Hey landlords, just when you thought it couldn’t get any worse, it just did. I think we all agree that progressively controlled state and local governments tend to pass laws that are totally detached from economic and social reality. However, just how detached they are sometimes beggars the imagination.
Witness the fact that San Francisco, the once gorgeous City by the Bay that is now defiled by human excrement, may pass a new punitive ordinance that will hit retail landlords particularly hard. If this new measure passes muster with voters (why wouldn’t it, everyone knows landlords are evil) San Francisco will “become one of the first big U.S. cities to tax landlords for store vacancies.” Here’s the real punch line though, the purpose of this penalty tax is to “reinvigorate commercial rents, thereby allowing new small businesses to open and thrive.” (WSJ 2/26/2020).
Economic reinvigoration through financial penalization. Sounds very Stalinesque. Punish people enough and they’ll come around. If you don’t like economic reality, simply bend it to fit your ideology. It worked well in the Soviet Union, Cuba and Venezuela so it ought to work here. Right?
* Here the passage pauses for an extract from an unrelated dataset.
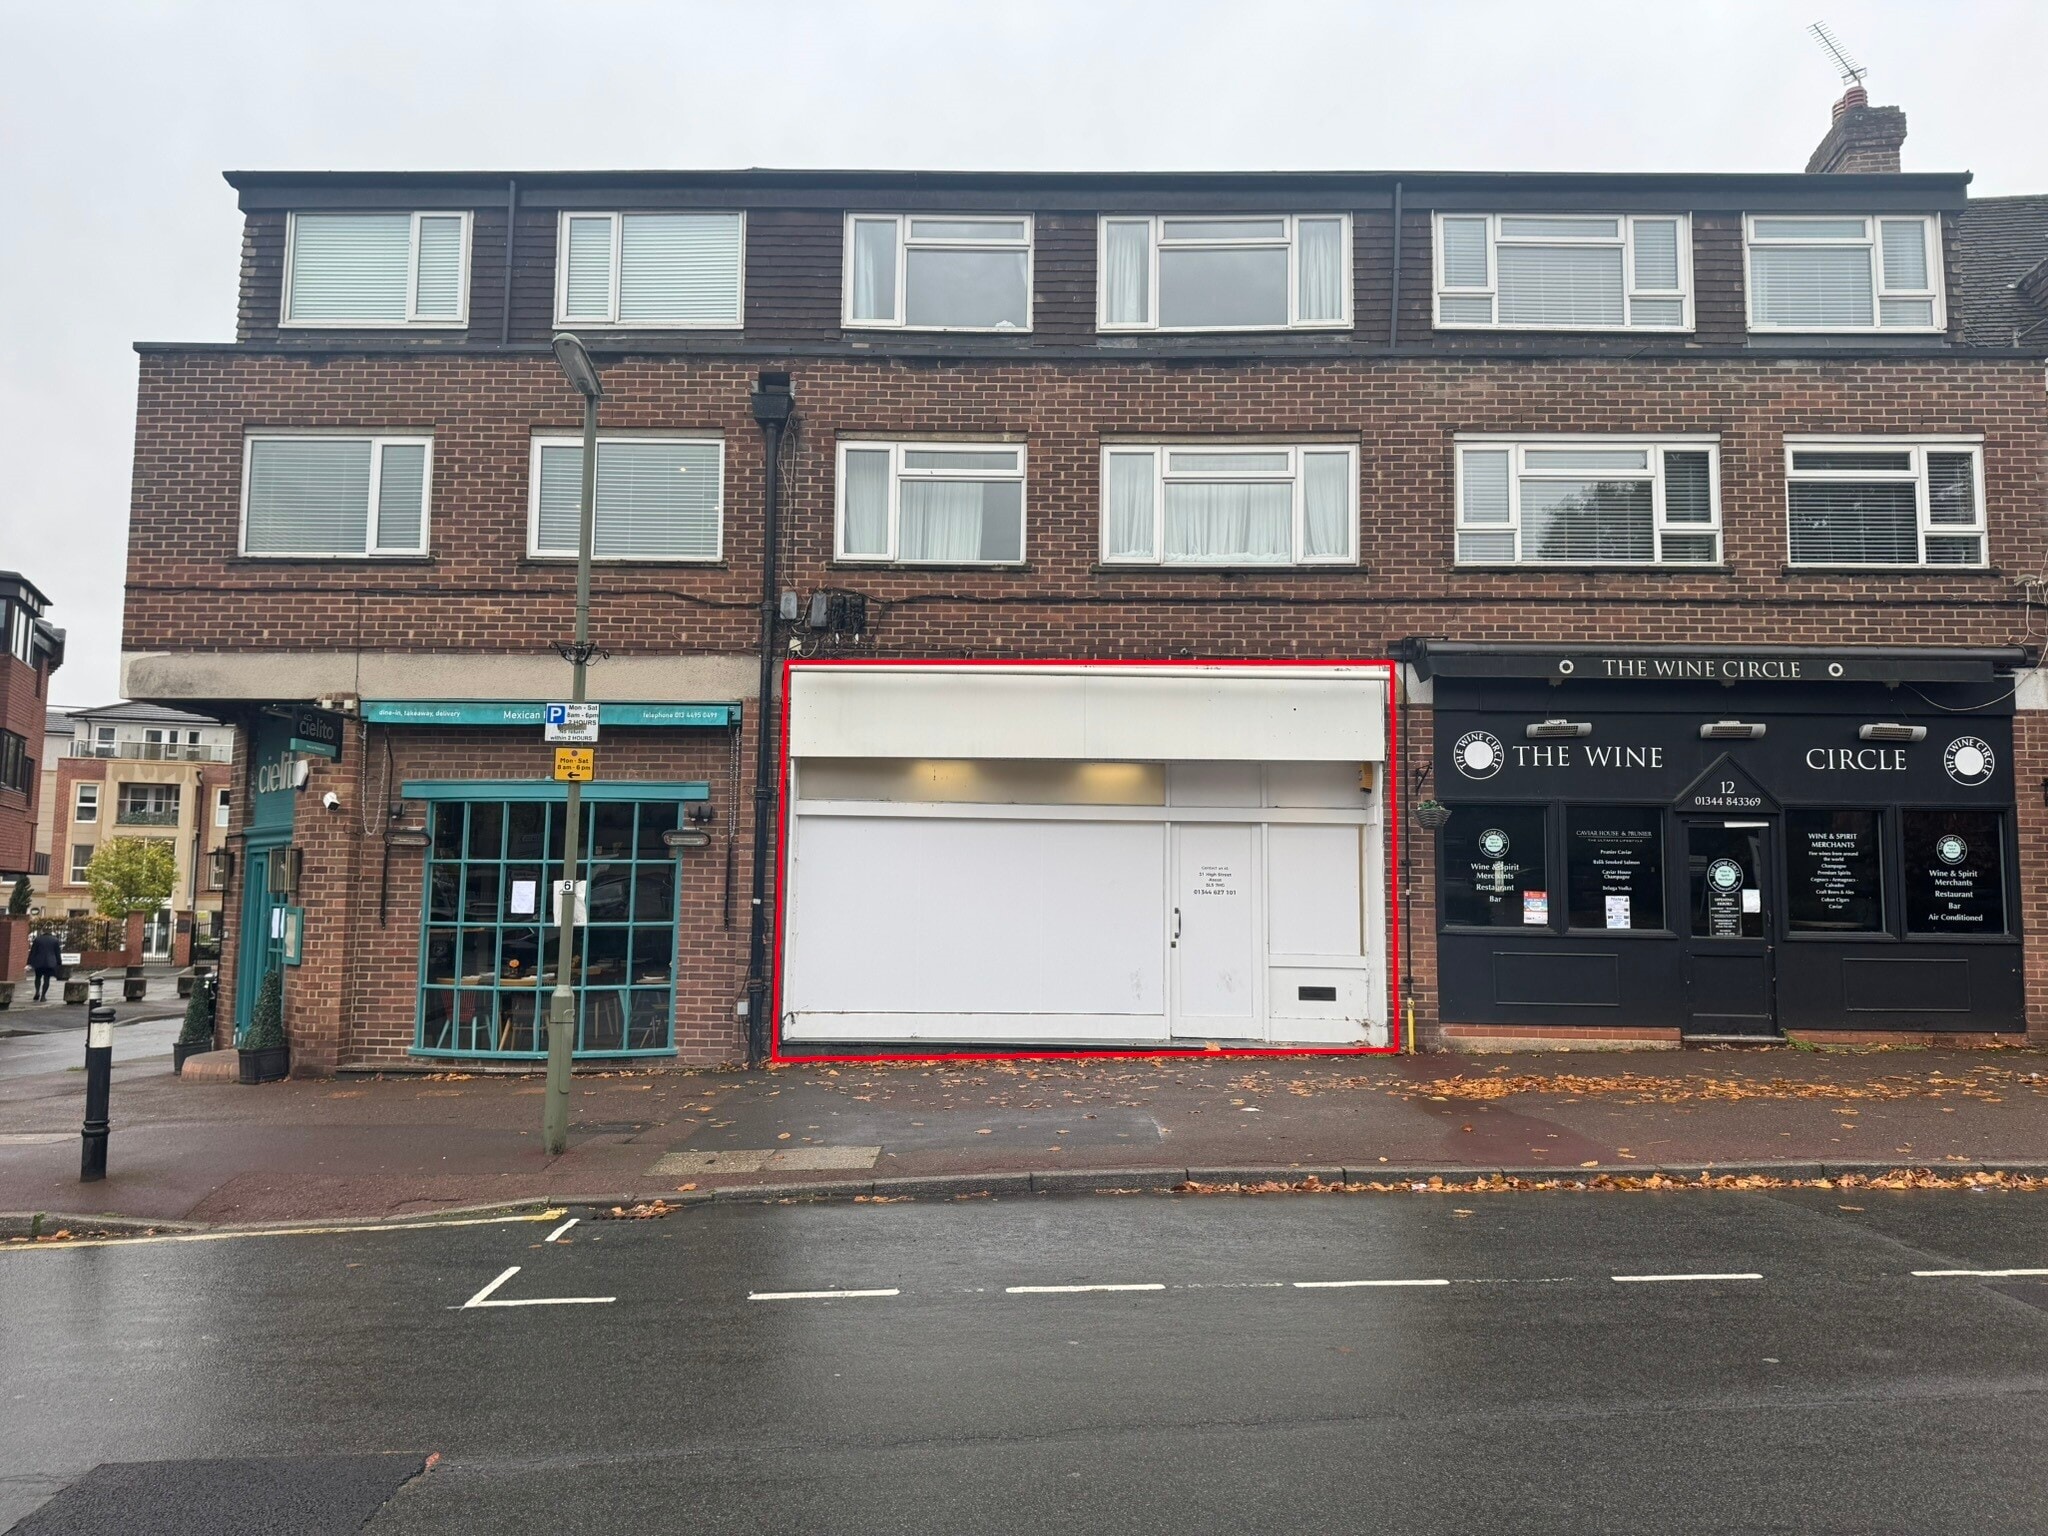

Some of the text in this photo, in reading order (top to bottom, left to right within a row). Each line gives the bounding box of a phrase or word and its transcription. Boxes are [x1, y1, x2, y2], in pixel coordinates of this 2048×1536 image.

Cities such as San Francisco, Portland, Seattle, New York and Washington D.C. simply do not acknowledge or take into account their lengthy permitting process, exorbitant fees and steady migration of retail business on-line. It’s much easier to scapegoat landlords for their greed and bad intentions.
If this weren’t bad enough, in Sacramento legislation is moving forward to “fine developers that leave homes unoccupied for 90 days.” (WSJ 2/24/2020). They are also considering the use of eminent domain to seize vacant properties and rent or sell them to a non-profit. Move over Bernie, the shade of Lenin stalks the golden state.
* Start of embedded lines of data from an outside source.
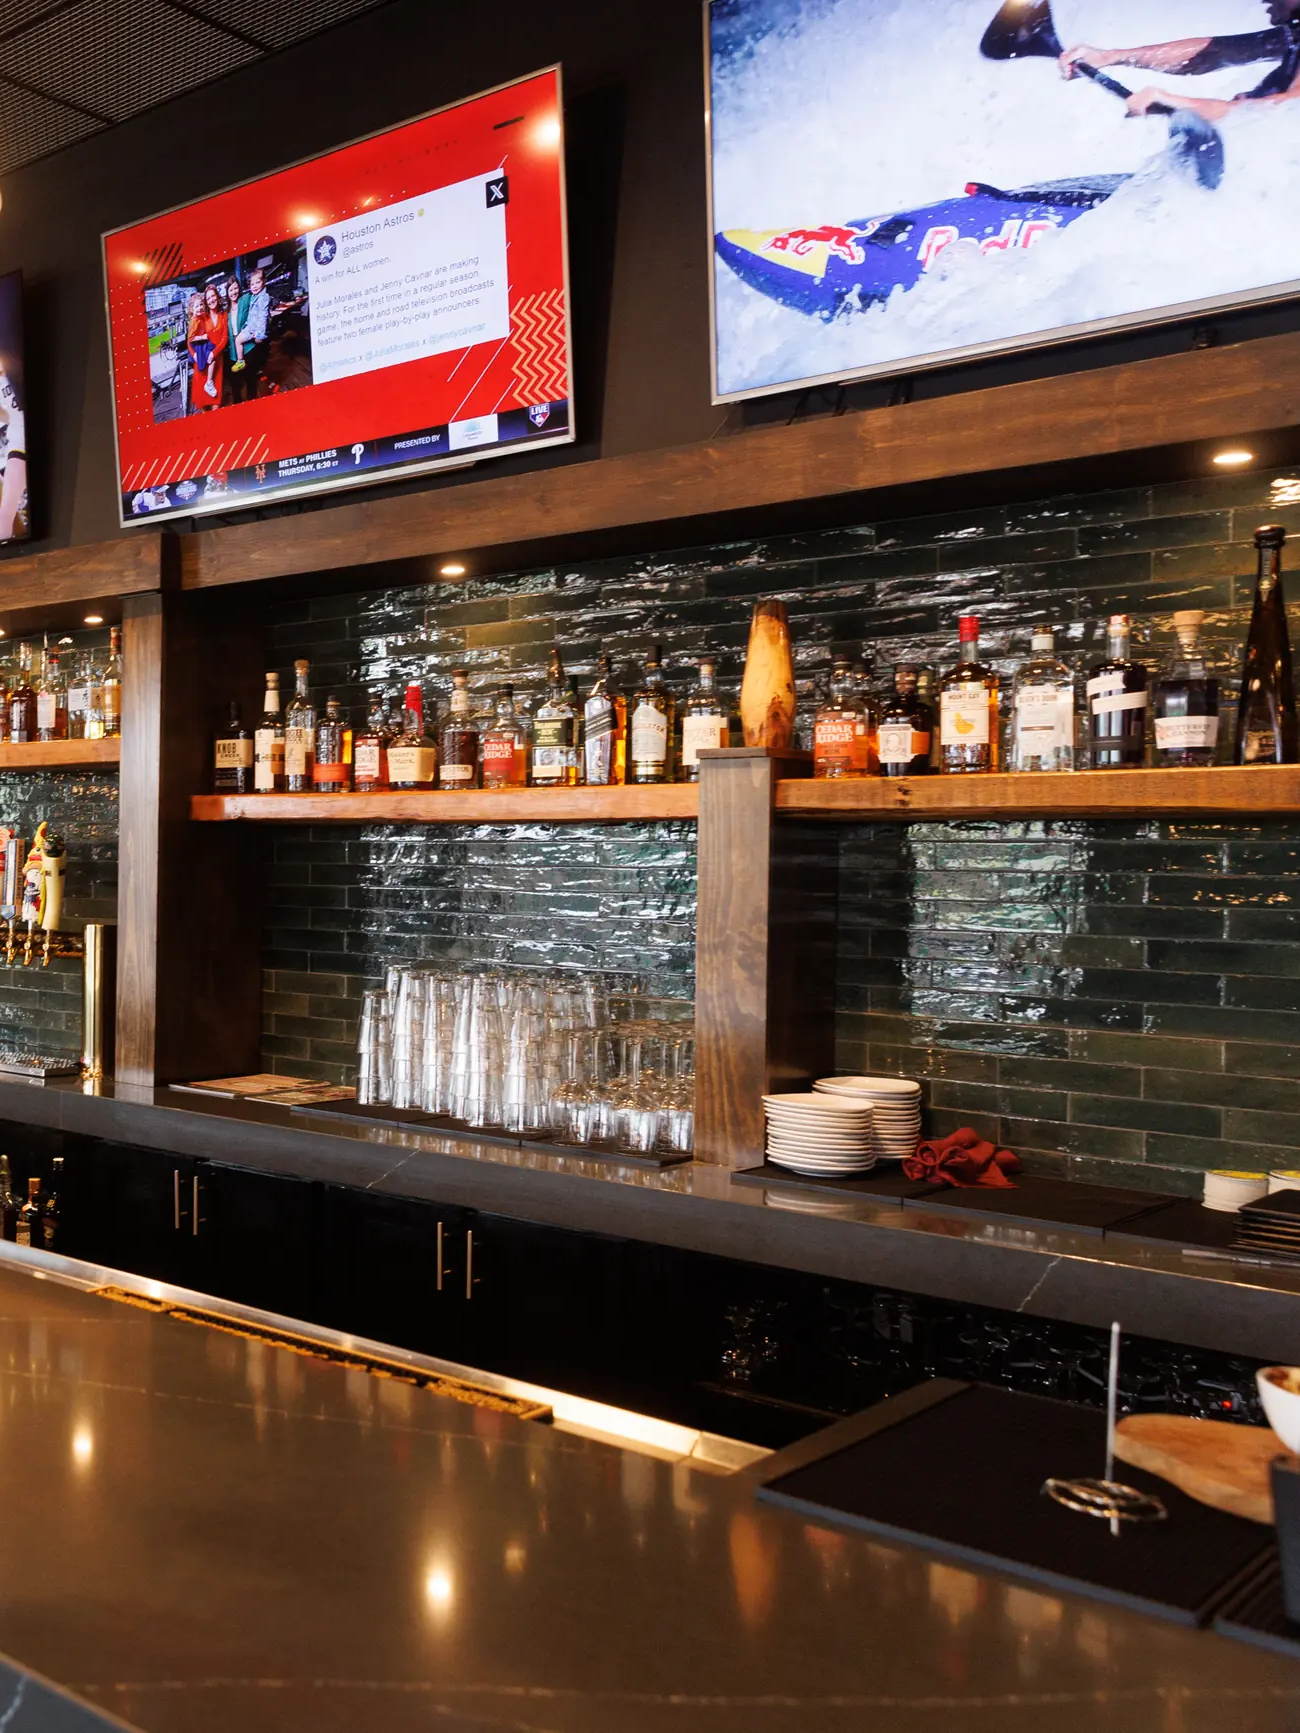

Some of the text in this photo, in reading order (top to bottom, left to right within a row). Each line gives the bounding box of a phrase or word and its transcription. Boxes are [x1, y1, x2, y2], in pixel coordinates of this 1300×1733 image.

[341, 212, 415, 242] Houston Astros
[343, 240, 374, 258] @astros
[335, 268, 345, 279] for
[346, 265, 361, 274] ALL
[316, 256, 479, 310] Julia Morales and Jenny Cavnar are making
[343, 305, 356, 315] For
[357, 301, 368, 310] the
[370, 296, 384, 306] first
[385, 292, 402, 302] time
[404, 289, 411, 297] in
[420, 279, 447, 293] regular
[449, 270, 479, 285] season
[340, 318, 352, 328] the
[354, 312, 375, 323] home
[376, 307, 391, 317] and
[392, 302, 410, 313] road
[411, 292, 448, 309] television
[449, 279, 495, 299] broadcasts
[317, 335, 342, 347] feature
[343, 331, 357, 340] two
[358, 323, 384, 336] female
[385, 310, 431, 329] play-by-play
[531, 404, 548, 415] LIVE
[394, 434, 441, 450] PRESENTED BY
[278, 457, 298, 468] METS
[305, 449, 337, 462] PHILLIES
[278, 464, 316, 478] THURSDAY,
[316, 462, 332, 470] 6:30
[815, 724, 853, 734] CEDAR
[815, 733, 854, 743] RIDGE
[217, 742, 237, 754] KNOB
[484, 743, 512, 751] CEDAR
This would be of little import to Oregon landlords if we didn’t sit atop California and enjoy the same myopic single party-political structure. However, not wanting to be out done in its commitment to progressive values by it’s bigger more cosmopolitan neighbor, this all could be coming to a town near you soon.
Why wait to find out how much worse things may get when accredited investors have the DST (Delaware Statutory Trust) platform available to them for 1031 exchange purposes? Why wait to be extirpated by people who believe “profit is theft?” (Karl Marx).
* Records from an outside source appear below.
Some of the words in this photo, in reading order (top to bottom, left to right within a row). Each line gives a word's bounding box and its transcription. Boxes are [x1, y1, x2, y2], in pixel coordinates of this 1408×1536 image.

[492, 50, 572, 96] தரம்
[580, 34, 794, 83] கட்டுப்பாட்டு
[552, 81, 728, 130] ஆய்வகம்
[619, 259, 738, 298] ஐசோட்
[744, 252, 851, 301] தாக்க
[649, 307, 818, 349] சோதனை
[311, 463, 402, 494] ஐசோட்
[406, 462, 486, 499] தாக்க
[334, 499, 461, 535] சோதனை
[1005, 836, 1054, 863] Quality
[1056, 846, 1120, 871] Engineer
Accredited investors should take the time to come up to speed on the DST industry generally and product offerings specifically. This is not as difficult as it sounds. In my opinion, DST is still very much a cottage industry inside the much larger commercial real estate space. The number of active property sponsors is still small, so it is manageable. Specific property programs are still overwhelmingly multi-family, so I believe mastery of diverse products may not be an issue. The three major decisions which must then be made are; whom am I comfortable with? What am I comfortable with and where do I want to be?
As difficult as change sometimes is, the discomfort incumbent in this process pales by comparison to what the political class in progressive blue states seem to have in mind for landlords long-term.